On our way to Ancient Corinth, we drove through many fruit orchards. The leaders of our trip made an executive decision to stop so that we could buy(for only 5 euros!) a bag of plump, juicy oranges from a group of friendly gentlemen on the side of the road. The fruit in our grocery stores in the United States seems rather puny in comparison to the produce that is grown here in Greece. In addition to the oranges, which we devoured in record time, lemons were also being sold. Some of these lemons were so large that they were mistaken for grapefruits by a few groupmembers.

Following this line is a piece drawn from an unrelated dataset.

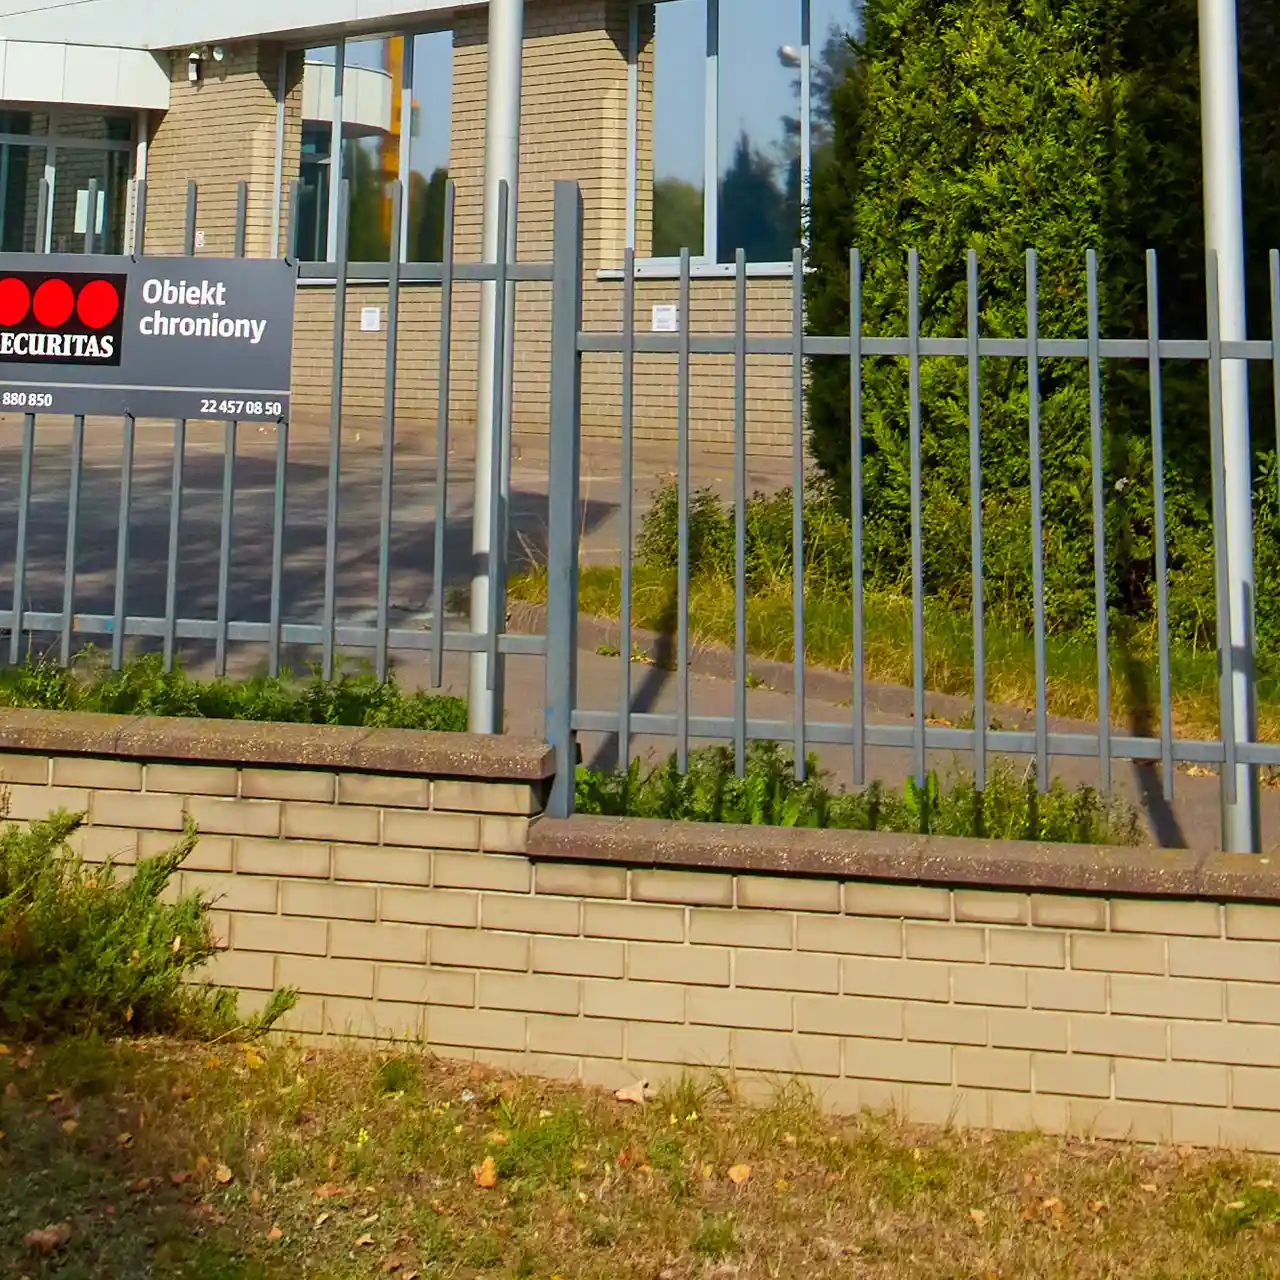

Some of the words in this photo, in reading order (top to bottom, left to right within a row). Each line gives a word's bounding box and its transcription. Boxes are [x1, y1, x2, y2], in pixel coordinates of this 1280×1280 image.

Having filled our stomachs with the unexpected treat of the oranges, we made our way onwards, to Argive Heraion, a sanctuary of Hera, queen of the gods in the Greek pantheon. The view from this site over the plain stretched nearly as far as the eye could see, and the landscape before us was indeed, as Professor Salowey pointed out, a testament to the area’s power and wealth. Our time at this site was restful, marked by a moving story about two young men which Professor Salowey read to us as we looked over the scenery:
Solon, to indicate to King Croesus that some people in the world were more blessed than he, tells the king a story about two young men, Cleobis and Biton. The mother of these two men, a priestess of Hera who desperately needed to get to the sanctuary for a festival taking place, could not find the oxen that pulled her cart. Dutiful as they were, the brothers yoked themselves to their mother’s cart and took her to the sanctuary in that fashion. Afterward, in the midst of the festival, the two brothers went into the temple and died peacefully, in their sleep.
This sanctuary was our last site for the day. Off to Corinth we went!
*Our apologies that our post for the 22nd is out of order. We hope it will not make reading the travelblog too confusing for everyone to read.